As computational devices in bioinformatics, computers are used for tasks that range from searching for nucleotide sequences and visualizing protein folding patterns to simulating complex 3D protein- protein interactions, for applications ranging from drug discovery to biomaterials research and development. As an example of computer processing power focused on numeric computation in bioinformatics, consider that Celera Genomics' network of 800 Compaq AlphaServers has the capacity to compare up to 250 billion genomic sequences per hour generated by its hundreds of robotic gene sequencing machines. Even lesser-endowed companies and academic centers are creating high- performance Beowulf clusters for bioinformatics work. These massively parallel systems that are constructed from dedicated PC hardware are generally affordable and available to anyone.

Researchers at another pharmacological powerhouse, GlaxoSmithKline (GSK), are studying how individual variations in the genetic code cause adverse drug reactions in some patients. To pursue this research, GSK partners with biotech research firms who store clinical data from drug trials and correlate it with the patient's genetic information to create a genetic profile of patients at risk. Similarly, clinicians with the Mayo Clinic in Minnesota are working with researchers to identify gene markers that indicate which patients should respond to specific anticancer therapy. Elsewhere, pharmaceutical research firms are using genetic traits to predict whether a patient will respond to therapy as well as the likelihood of serious side effects. Several biotech startups are developing panels of DNA tests that will allow clinicians to quickly determine how patients metabolize drugs so that dosage regimens can be tailored to their individual metabolism.

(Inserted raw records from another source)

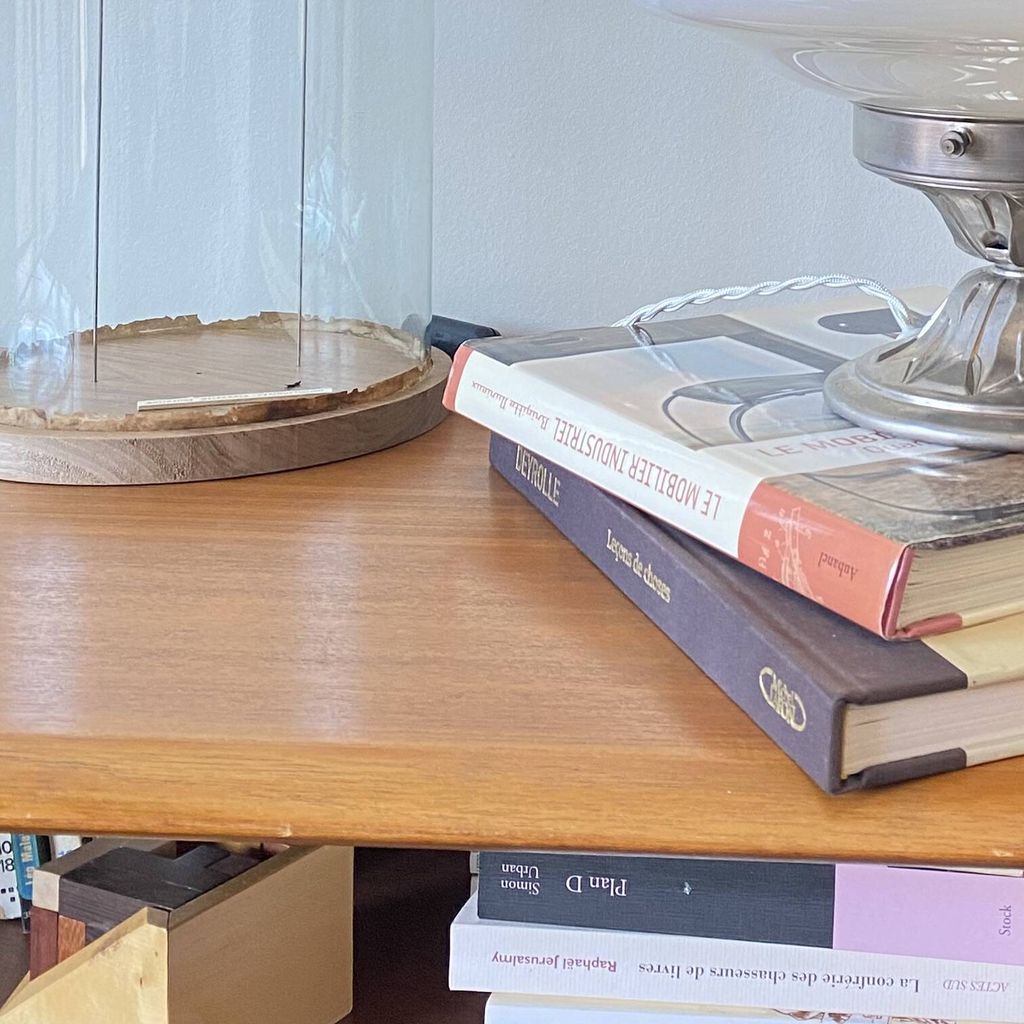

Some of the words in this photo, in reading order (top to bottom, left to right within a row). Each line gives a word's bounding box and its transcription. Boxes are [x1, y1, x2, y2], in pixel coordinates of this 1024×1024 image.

[553, 417, 629, 474] INDUSTRIEL
[757, 444, 803, 457] LE
[802, 429, 893, 451] MOBI
[515, 444, 561, 508] DEYROLLE
[628, 454, 701, 510] MOBILIER
[701, 489, 722, 521] LE
[606, 528, 633, 569] Leçons
[632, 552, 643, 578] de
[643, 564, 672, 604] choses
[501, 863, 540, 879] Urban
[500, 879, 541, 896] Simon
[565, 874, 583, 893] D
[588, 876, 628, 897] Plan
[998, 904, 1013, 937] Stock
[491, 951, 558, 969] Jerusalmy
[562, 955, 617, 973] Raphaël
[638, 963, 681, 980] livres
[686, 965, 705, 981] de
[709, 966, 786, 985] chasseurs
[791, 972, 817, 987] des
[822, 974, 895, 991] confrérie
[900, 978, 920, 993] La
[942, 978, 970, 991] SUD
[969, 979, 1009, 993] ACTES

All of these activities revolve around database technology. For example, both communications and computation operations in bioinformatics depend on data that have to be maintained. Electronic databases maintain data in a persistent, non-volatile form that allows operations to be repeated and compared with other operations, with the results communicated to other researchers and developers. The electronic database—a file composed of records, each containing fields together with a set of operations for searching, sorting, recombining, and other functions—is the silicon, plastic, and iron- oxide equivalent of the experimenter's private notebook, and the basis for electronic publishing to the scientific community.

As an illustration of how central databases are to the molecular biology research and development, consider a sampling of the public bioinformatics databases listed in Table 2-1. Perhaps the best- known of the hundreds of DNA sequence databases accessible through the Internet are the

international nucleotide sequence database collaborators GENBANK, supported by the National Center for Biological Information (NCBI), the DNA DataBank of Japan (DDBJ), and the European Molecular Biology Laboratory (EMBL). Another major database, PubMed, which is maintained by the U.S. National Library of Medicine, is a key resource for biomedical literature.